At AOL I faced a multi-directional problem space in that, as a company and as a technology platform we were still growing.  Added to that there was 27 years of what I call “Cruft”.   I define “Cruft” as years of build-up of technology, processes, politics, fiscal orphaning and poor operational hygiene.  This cruft can act as a huge boat anchor and barrier to an organization to drive agility in its online and IT operations.  On top of this Cruft a layer of what can best be described as lethargy or perhaps apathy can sometimes develop and add even more difficulty to the problem space.

One of the first things I encountered at AOL was the cruft.  In any organization, everyone always wants to work on the new, cool, interesting things. Mainly because they are new and interesting..out of the norm.  Essentially the fun stuff!  But the ability for the organization to really drive the adoption of new technologies and methods was always slowed, gated or in some cases altogether prevented by years interconnected systems, lost owners, servers of unknown purpose lost in the distant historical memory and the like.   This I found in healthy populations at AOL. 

We initially set about building a plan to attack this cruft.   To earnestly remove as much of the cruft  as possible and drive the organization towards agility.  Initially we called this list of properties, servers, equipment and the like the Operations $/-\!+ list. As this name was not very user-friendly it migrated into a series of initiatives grouped the name of Ops-Surdities.   These programs attacked different types of cruft and were at a high level grouped into three main categories:

The Absurdity List – A list of projects/properties/applications that had a questionable value, lack of owner, lack of direction, or the like but was still drawing load and resources from our data centers.   The plan here was to develop action plans for each of the items that appeared on this list.

Power Hog – An effort to audit our data center facilities, equipment, and the like looking for inefficient servers, installations, and /or technology and migrating them to new more efficient platforms or our AOL Cloud infrastructure.  You knew you were in trouble when you had a trophy of a bronze pig appear on your desk or office and that you were marked. 

Ops Hygiene – The sometimes tedious task of tracking down older machines and systems that may have been decomissioned in the past, marked for removal, or were fully depreciated and were never truly removed.  Pure Vampiric load.  You may or may not be surprised how much of this exists in modern data centers.  It’s a common issue I have had with most data center management professionals in the industry.

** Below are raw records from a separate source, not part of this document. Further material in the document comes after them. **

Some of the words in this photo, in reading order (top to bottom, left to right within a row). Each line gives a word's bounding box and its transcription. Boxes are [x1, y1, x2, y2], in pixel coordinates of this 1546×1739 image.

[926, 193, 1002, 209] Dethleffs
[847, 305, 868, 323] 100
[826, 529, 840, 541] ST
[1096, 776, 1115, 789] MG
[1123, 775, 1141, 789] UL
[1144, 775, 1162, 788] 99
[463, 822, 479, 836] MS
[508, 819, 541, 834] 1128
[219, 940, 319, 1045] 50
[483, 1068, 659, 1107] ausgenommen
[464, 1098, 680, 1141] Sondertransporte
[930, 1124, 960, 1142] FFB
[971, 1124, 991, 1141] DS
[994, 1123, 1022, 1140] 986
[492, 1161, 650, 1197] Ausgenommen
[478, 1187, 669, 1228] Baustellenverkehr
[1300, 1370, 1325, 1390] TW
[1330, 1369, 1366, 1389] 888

So here we are, in a timeline measured in under a year, and being told all along the way by“crufty old-timers” that we would never make any progress, my teams have de-comissioned almost 10,000 servers from our environments. (Actually this number is greater now, but the submission deadline for the award was earlier in the year).  What an amazing accomplishment.  What an amazing team!

So how did we do it?

As we will be presenting this in a lot more detail at the Uptime Symposium, I am not going to give away all of our secrets in a blog post and give you a good reason to head to the Uptime event and listen to and ask the primary leaders of this effort how they did it in person.  It may be a good use of that Travel budget your company has been sitting on this year.

What I will share is some guidelines on approach and some things to be wary of if you are facing similar challenges in your organization.

FOCUS AND ATTENTION

I cannot tell you how many I have spoken with that have tried to go after ‘cruft’ like this time and time again and failed.   One of the key drivers for success in my mind is ensuring that there is focus and attention on this kind of project at all levels, across all organizations, and most importantly from the TOP.   To often executives give out blind directives with little to no follow through and assume this kind of thing gets done.   They are generally unaware of the natural resistance to this kind of work there is in most IT organizations.    Having a motivated, engaged, and focused leadership on these types of efforts goes and extraordinarily long way to making headway here.  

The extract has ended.